O Núcleo de Estudantes de Medicina da Universidade do Minho (NEMUM) ofereceu uma vez mais o seu apoio a cerca de 200 idosos isolados de seis aldeias do concelho dos Arcos Valdevez. O projeto “Aldeia Feliz”, que acontece entre os dias 1 e 4 de Setembro e que está já na sua terceira edição, fornece atendimento médico ao domicílio, que inclui rastreios cardiovasculares, identificação de problemas de saúde e de mobilidade, bem como a avaliação das condições de habitabilidade e o grau de dependência.
O programa conta com a participação de 26 estudantes voluntários de Medicina que, durante quatro dias, se dedicam à avaliação e diagnóstico dos idosos das aldeias de Cabreiros, Soajo, Senharei, Cabreiro, Sistelo e Cabana Maior, situadas na zona do Parque Nacional Peneda-Gerês.
Além disso, o projecto pretende ainda explicar aos idosos como devem proceder em situações de emergência, dar-lhes dicas para que não confundam a medicação e informá-los devidamente sobre ao tipo de apoio social existente naquela região.
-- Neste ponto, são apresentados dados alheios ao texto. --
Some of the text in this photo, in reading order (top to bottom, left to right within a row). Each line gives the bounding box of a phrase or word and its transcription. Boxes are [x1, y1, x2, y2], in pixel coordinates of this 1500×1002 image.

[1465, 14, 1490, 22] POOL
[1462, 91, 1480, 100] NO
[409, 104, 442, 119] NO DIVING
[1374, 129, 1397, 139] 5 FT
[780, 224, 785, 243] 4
No último dia, prevê-se a realização de um convívio, palestras sobre envelhecimento activo e rastreios destinados à comunidade em geral.
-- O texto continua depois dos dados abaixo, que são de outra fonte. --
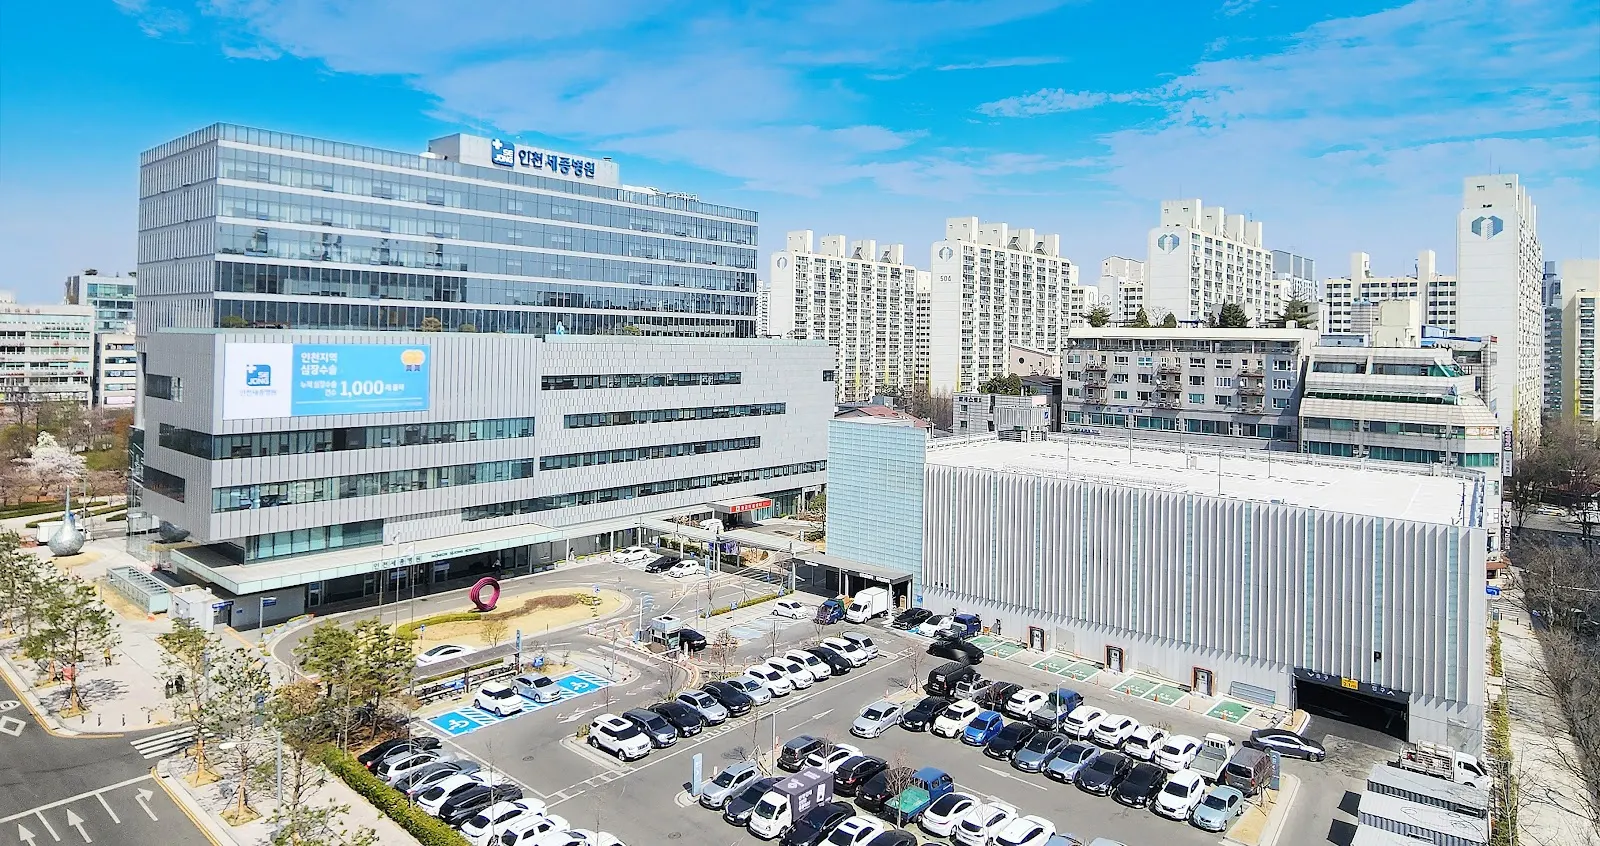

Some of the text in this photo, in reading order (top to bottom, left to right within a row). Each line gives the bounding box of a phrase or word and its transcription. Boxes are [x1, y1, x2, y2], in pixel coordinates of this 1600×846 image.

O isolamento e envelhecimento de muitas aldeias portuguesas podem contribuir para que sua população esteja mais susceptível a problemas de saúde, higiene pessoal, além de dificuldades básicas, como a preparação de refeições diárias. “O envelhecimento populacional português sobeja e, com ele, todos os riscos associados ao isolamento da terceira idade. É neste quadro social que se enquadra o alvo de intervenção deste projecto”, afirma João Dourado, presidente do NEMUM.
A iniciativa conta com a parceria da Câmara Municipal de Arcos de Valdevez, das juntas de freguesia das aldeias intervencionadas e da Escola de Ciências da Saúde da UMinho.